A metabolomics approach to investigate urine levels of neurotransmitters and related metabolites in autistic children

• Published in: Biochimica et biophysica acta. Molecular basis of disease Vol. 1866; no. 10; p. 165859
• Main Authors: Gevi, Federica, Belardo, Antonio, Zolla, Lello
• Format: Journal Article
• Language: English
• Published: Netherlands Elsevier B.V 01.10.2020
• Subjects: Autism; Autism Spectrum Disorder - metabolism; Autism Spectrum Disorder - physiopathology; Autism Spectrum Disorder - urine; Brain - cytology; Brain - metabolism; Brain - physiopathology; Case-Control Studies; Child; Child, Preschool; Cresols - metabolism; Cresols - urine; Dopamine; Female; Gastrointestinal Microbiome - physiology; Humans; Male; Metabolic Networks and Pathways; Metabolomics; Microbiome; Microbiota-gut-brain axis; Neurotransmitter Agents - metabolism; Neurotransmitter Agents - urine; Noradrenaline; Pyridoxal Phosphate - metabolism; Pyridoxal Phosphate - urine; Synaptic Transmission - physiology; Autism; Metabolomics; Microbiota-gut-brain axis; Dopamine; Noradrenaline; Microbiome
• ISSN: 0925-4439; 1879-260X; 1879-260X
• DOI: 10.1016/j.bbadis.2020.165859

Since recently metabolic abnormalities in autistic children have been associated with ASD disturbs, the aim of this study is to determine the neurotransmitter levels in urine samples of autistic children and to analyse the altered metabolic pathway involved in their production. Thus, ASD-specific urinary metabolomic patterns were explored in 40 ASD children and 40 matched controls using untargeted metabolomics through UHPLC-mass spectrometry (Q-exactive analyser), and by using XCMS Metlin software for data interpretation. Through this new advanced technique, a more considerable number of urinary altered metabolites were recorded in autistic children, than in the previous investigations, which allowed us to collect metabolites involved in neurotransmitter production. In these subjects, a high amount of dopamine was revealed and an increased amount of homovanillic acid, to the detriment of noradrenaline and adrenaline production, as well as MHPG and vanillylmandelic acid, which were found lower. This indicates that the accumulation of dopamine is not due to its greater production, but its lesser biotransformation into noradrenaline, due to the blockage of the dopamine β-hydroxylase enzyme by 4-cresol and vitamin C, both found in high quantities in autistic subjects. Finally, a decreased amount of the active form of vitamin B6, pyridoxal phosphate (P5P), implicated in biotransformation of glutamate into γ-aminobutyric acid (GABA), was also detected, justifying the lower levels of latter.

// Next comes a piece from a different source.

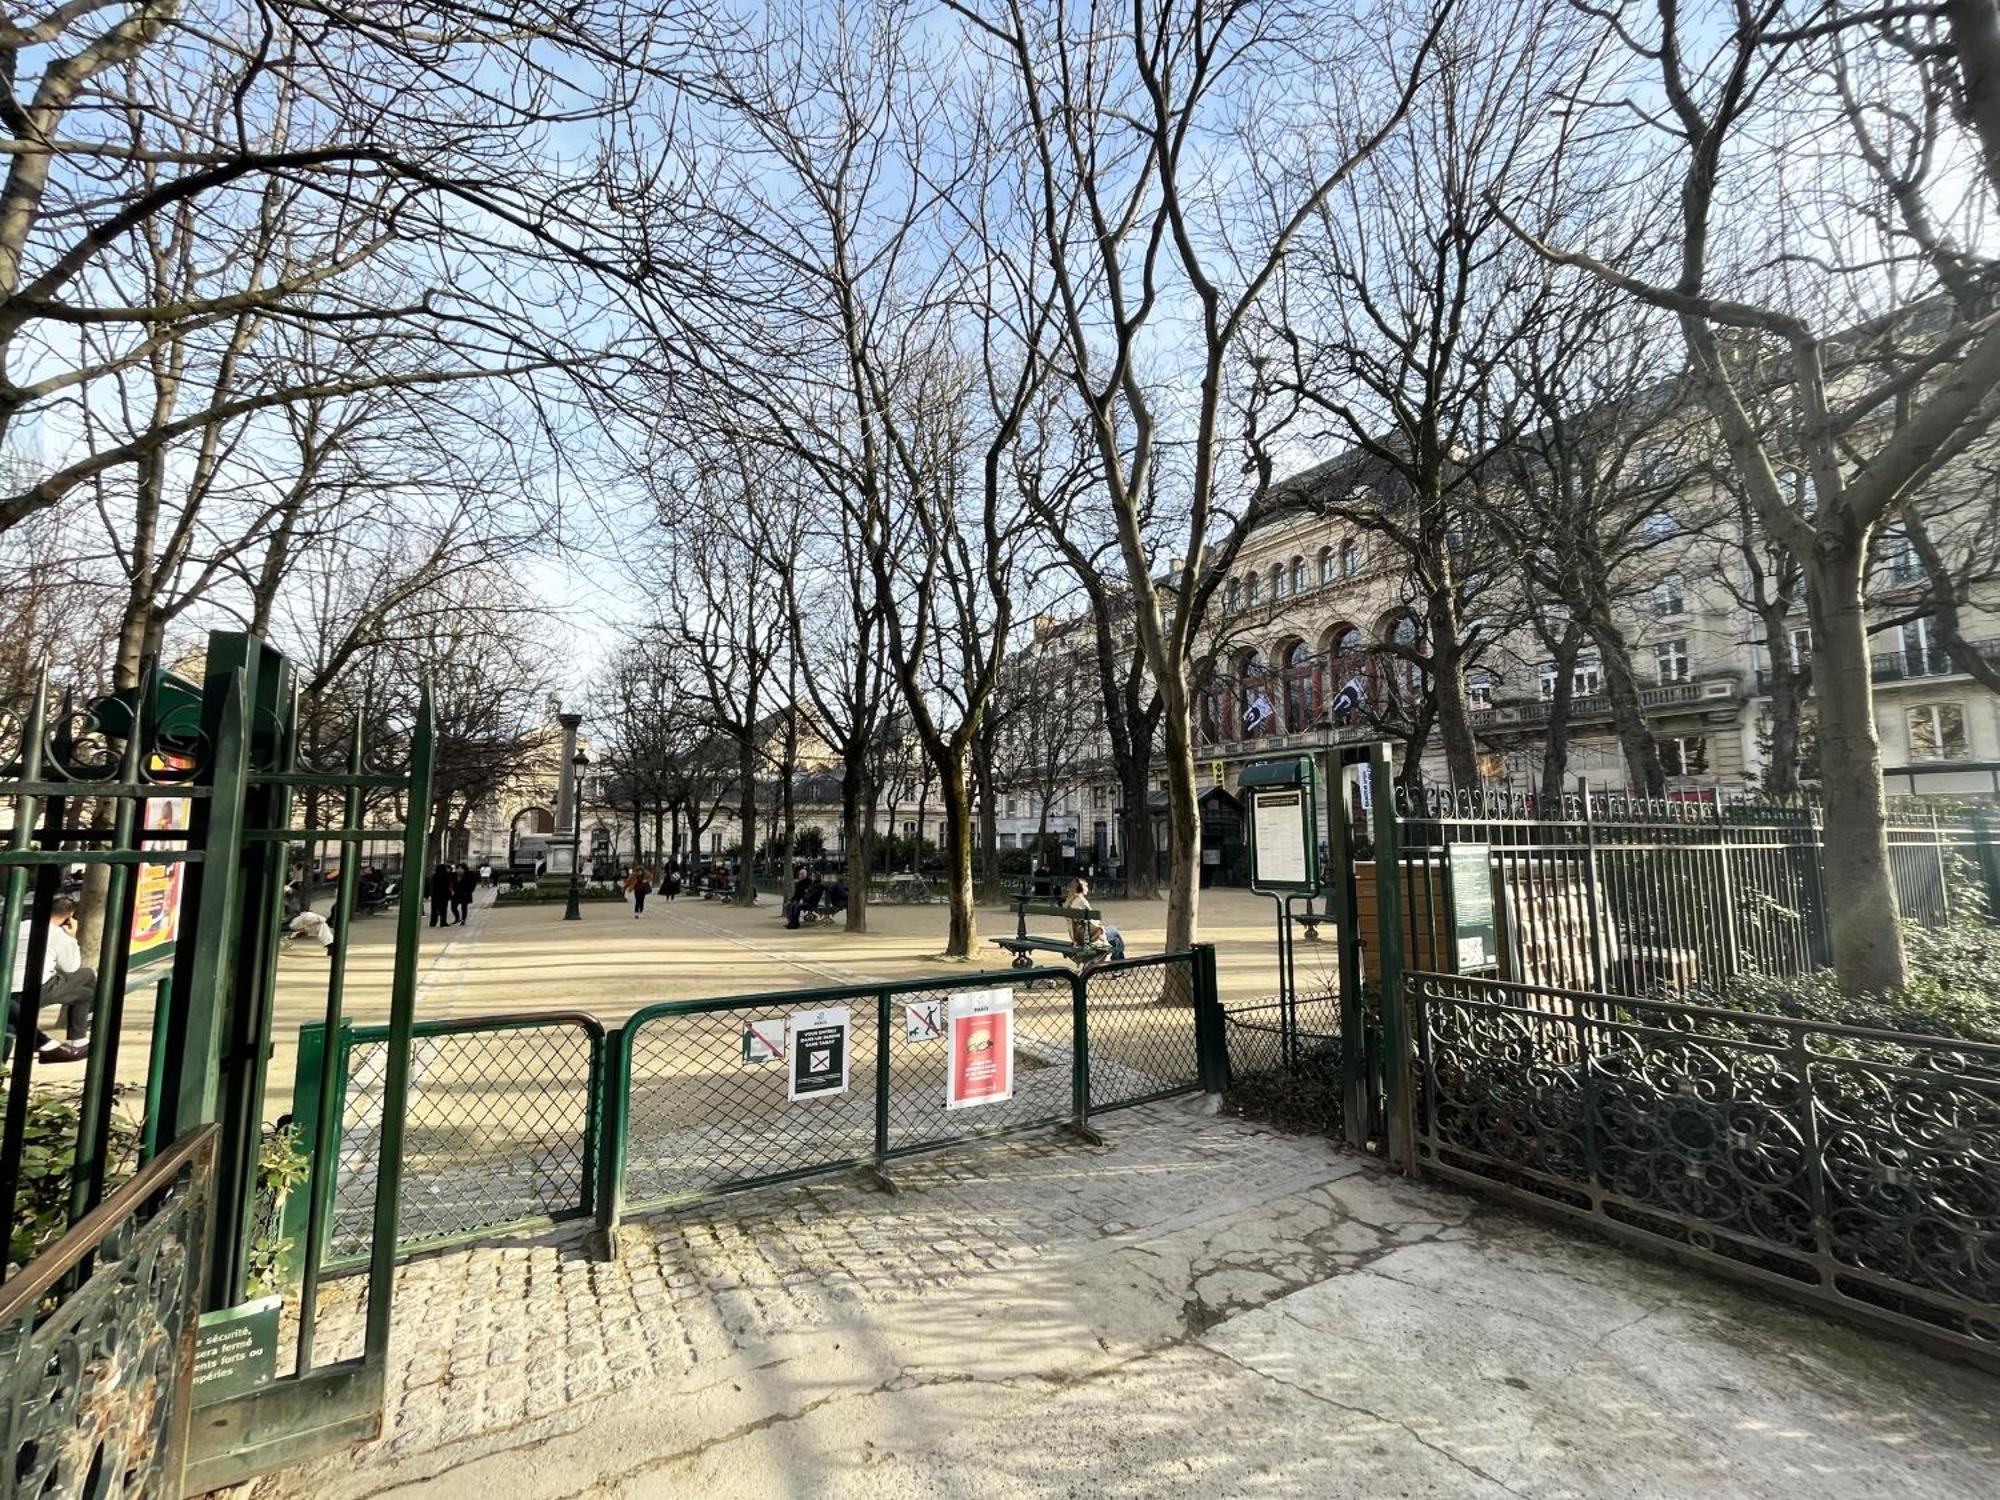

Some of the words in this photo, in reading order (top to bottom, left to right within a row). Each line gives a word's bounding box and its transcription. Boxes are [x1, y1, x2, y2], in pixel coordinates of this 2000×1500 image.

All of these alterations are correlated with a peculiar intestinal microbiome in autistic subjects, supporting the idea of a microbiota-gut-brain axis, then altered levels of neurotransmitters and altered neuronal transmission exist. •We explored urinary metabolomic patterns in 40 ASD children and 40 matched controls trough LC-MS.•We found alterations of several metabolic pathways involved in neurotransmitter production in the urine of ASD children.•We found higher levels of dopamine, homovanillic acid, lower GABA, noradrenaline, adrenaline, MHPG and vanillylmandelic acid.•We recorded a significant amount of 4-cresol, a microbiome product, and lower synthesis of the active form of vitamin B6.•The microbiome could directly influence neuronal transmission through the gut-brain axis.